(Work instructions):
Produce a character-for-character copy of the data below.

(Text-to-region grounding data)
|---|

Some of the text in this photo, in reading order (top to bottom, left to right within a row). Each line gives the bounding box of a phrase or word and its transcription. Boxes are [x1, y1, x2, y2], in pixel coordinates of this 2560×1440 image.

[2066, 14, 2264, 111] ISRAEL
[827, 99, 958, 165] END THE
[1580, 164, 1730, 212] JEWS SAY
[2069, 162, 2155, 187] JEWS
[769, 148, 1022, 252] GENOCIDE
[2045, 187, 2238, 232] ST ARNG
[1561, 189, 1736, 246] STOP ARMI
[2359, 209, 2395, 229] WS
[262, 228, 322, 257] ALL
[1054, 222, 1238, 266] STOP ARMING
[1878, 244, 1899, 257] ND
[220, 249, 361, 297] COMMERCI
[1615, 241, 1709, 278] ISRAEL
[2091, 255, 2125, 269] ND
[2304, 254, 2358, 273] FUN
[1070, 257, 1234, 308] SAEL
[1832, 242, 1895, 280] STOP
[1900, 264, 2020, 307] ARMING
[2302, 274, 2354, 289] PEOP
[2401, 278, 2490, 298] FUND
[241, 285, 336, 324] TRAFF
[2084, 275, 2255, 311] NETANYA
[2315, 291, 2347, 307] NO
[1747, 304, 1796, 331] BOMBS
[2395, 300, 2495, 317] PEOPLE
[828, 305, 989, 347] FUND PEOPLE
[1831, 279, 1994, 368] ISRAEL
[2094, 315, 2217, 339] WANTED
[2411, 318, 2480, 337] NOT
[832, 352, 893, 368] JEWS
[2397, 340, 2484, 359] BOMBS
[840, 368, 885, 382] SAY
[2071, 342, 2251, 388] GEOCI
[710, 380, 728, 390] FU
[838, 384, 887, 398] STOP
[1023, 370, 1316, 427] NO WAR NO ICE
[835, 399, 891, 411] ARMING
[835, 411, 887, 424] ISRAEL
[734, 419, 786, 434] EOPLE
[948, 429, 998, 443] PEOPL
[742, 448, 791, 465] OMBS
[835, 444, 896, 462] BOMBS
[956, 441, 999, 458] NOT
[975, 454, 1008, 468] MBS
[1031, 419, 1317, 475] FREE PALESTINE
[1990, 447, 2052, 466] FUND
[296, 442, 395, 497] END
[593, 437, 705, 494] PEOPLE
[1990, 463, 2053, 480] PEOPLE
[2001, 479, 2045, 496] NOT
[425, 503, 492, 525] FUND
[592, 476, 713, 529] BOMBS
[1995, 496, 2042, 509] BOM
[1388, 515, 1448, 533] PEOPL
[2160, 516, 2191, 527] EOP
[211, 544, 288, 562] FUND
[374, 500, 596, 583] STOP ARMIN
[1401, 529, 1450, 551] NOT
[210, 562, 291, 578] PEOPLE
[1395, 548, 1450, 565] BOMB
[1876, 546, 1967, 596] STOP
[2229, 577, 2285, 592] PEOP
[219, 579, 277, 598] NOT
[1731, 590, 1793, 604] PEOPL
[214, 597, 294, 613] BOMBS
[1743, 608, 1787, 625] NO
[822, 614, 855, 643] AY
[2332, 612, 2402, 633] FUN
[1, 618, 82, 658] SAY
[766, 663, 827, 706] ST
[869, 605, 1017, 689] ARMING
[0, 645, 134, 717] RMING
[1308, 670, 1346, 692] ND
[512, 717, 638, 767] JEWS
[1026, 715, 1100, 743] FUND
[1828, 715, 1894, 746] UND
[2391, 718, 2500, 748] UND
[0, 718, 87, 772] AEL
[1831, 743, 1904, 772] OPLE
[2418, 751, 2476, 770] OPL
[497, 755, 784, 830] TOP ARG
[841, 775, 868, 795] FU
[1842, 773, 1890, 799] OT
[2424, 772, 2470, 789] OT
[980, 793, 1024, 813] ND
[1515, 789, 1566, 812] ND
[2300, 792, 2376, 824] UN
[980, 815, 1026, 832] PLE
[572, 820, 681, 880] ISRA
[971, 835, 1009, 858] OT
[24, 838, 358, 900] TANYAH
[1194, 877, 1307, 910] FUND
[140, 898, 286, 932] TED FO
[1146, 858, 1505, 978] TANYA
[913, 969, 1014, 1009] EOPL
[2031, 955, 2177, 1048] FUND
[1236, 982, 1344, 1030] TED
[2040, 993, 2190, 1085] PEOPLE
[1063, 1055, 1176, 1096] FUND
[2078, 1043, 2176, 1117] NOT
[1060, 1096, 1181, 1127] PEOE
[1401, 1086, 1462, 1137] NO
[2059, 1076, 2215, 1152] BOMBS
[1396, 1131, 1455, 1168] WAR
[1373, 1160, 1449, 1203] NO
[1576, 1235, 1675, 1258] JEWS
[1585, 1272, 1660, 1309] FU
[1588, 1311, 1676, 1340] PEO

|---|

(Written response):
Some of the text in this photo, in reading order (top to bottom, left to right within a row). Each line gives the bounding box of a phrase or word and its transcription. Boxes are [x1, y1, x2, y2], in pixel coordinates of this 2560×1440 image.

[2066, 14, 2264, 111] ISRAEL
[827, 99, 958, 165] END THE
[1580, 164, 1730, 212] JEWS SAY
[2069, 162, 2155, 187] JEWS
[769, 148, 1022, 252] GENOCIDE
[2045, 187, 2238, 232] ST ARNG
[1561, 189, 1736, 246] STOP ARMI
[2359, 209, 2395, 229] WS
[262, 228, 322, 257] ALL
[1054, 222, 1238, 266] STOP ARMING
[1878, 244, 1899, 257] ND
[220, 249, 361, 297] COMMERCI
[1615, 241, 1709, 278] ISRAEL
[2091, 255, 2125, 269] ND
[2304, 254, 2358, 273] FUN
[1070, 257, 1234, 308] SAEL
[1832, 242, 1895, 280] STOP
[1900, 264, 2020, 307] ARMING
[2302, 274, 2354, 289] PEOP
[2401, 278, 2490, 298] FUND
[241, 285, 336, 324] TRAFF
[2084, 275, 2255, 311] NETANYA
[2315, 291, 2347, 307] NO
[1747, 304, 1796, 331] BOMBS
[2395, 300, 2495, 317] PEOPLE
[828, 305, 989, 347] FUND PEOPLE
[1831, 279, 1994, 368] ISRAEL
[2094, 315, 2217, 339] WANTED
[2411, 318, 2480, 337] NOT
[832, 352, 893, 368] JEWS
[2397, 340, 2484, 359] BOMBS
[840, 368, 885, 382] SAY
[2071, 342, 2251, 388] GEOCI
[710, 380, 728, 390] FU
[838, 384, 887, 398] STOP
[1023, 370, 1316, 427] NO WAR NO ICE
[835, 399, 891, 411] ARMING
[835, 411, 887, 424] ISRAEL
[734, 419, 786, 434] EOPLE
[948, 429, 998, 443] PEOPL
[742, 448, 791, 465] OMBS
[835, 444, 896, 462] BOMBS
[956, 441, 999, 458] NOT
[975, 454, 1008, 468] MBS
[1031, 419, 1317, 475] FREE PALESTINE
[1990, 447, 2052, 466] FUND
[296, 442, 395, 497] END
[593, 437, 705, 494] PEOPLE
[1990, 463, 2053, 480] PEOPLE
[2001, 479, 2045, 496] NOT
[425, 503, 492, 525] FUND
[592, 476, 713, 529] BOMBS
[1995, 496, 2042, 509] BOM
[1388, 515, 1448, 533] PEOPL
[2160, 516, 2191, 527] EOP
[211, 544, 288, 562] FUND
[374, 500, 596, 583] STOP ARMIN
[1401, 529, 1450, 551] NOT
[210, 562, 291, 578] PEOPLE
[1395, 548, 1450, 565] BOMB
[1876, 546, 1967, 596] STOP
[2229, 577, 2285, 592] PEOP
[219, 579, 277, 598] NOT
[1731, 590, 1793, 604] PEOPL
[214, 597, 294, 613] BOMBS
[1743, 608, 1787, 625] NO
[822, 614, 855, 643] AY
[2332, 612, 2402, 633] FUN
[1, 618, 82, 658] SAY
[766, 663, 827, 706] ST
[869, 605, 1017, 689] ARMING
[0, 645, 134, 717] RMING
[1308, 670, 1346, 692] ND
[512, 717, 638, 767] JEWS
[1026, 715, 1100, 743] FUND
[1828, 715, 1894, 746] UND
[2391, 718, 2500, 748] UND
[0, 718, 87, 772] AEL
[1831, 743, 1904, 772] OPLE
[2418, 751, 2476, 770] OPL
[497, 755, 784, 830] TOP ARG
[841, 775, 868, 795] FU
[1842, 773, 1890, 799] OT
[2424, 772, 2470, 789] OT
[980, 793, 1024, 813] ND
[1515, 789, 1566, 812] ND
[2300, 792, 2376, 824] UN
[980, 815, 1026, 832] PLE
[572, 820, 681, 880] ISRA
[971, 835, 1009, 858] OT
[24, 838, 358, 900] TANYAH
[1194, 877, 1307, 910] FUND
[140, 898, 286, 932] TED FO
[1146, 858, 1505, 978] TANYA
[913, 969, 1014, 1009] EOPL
[2031, 955, 2177, 1048] FUND
[1236, 982, 1344, 1030] TED
[2040, 993, 2190, 1085] PEOPLE
[1063, 1055, 1176, 1096] FUND
[2078, 1043, 2176, 1117] NOT
[1060, 1096, 1181, 1127] PEOE
[1401, 1086, 1462, 1137] NO
[2059, 1076, 2215, 1152] BOMBS
[1396, 1131, 1455, 1168] WAR
[1373, 1160, 1449, 1203] NO
[1576, 1235, 1675, 1258] JEWS
[1585, 1272, 1660, 1309] FU
[1588, 1311, 1676, 1340] PEO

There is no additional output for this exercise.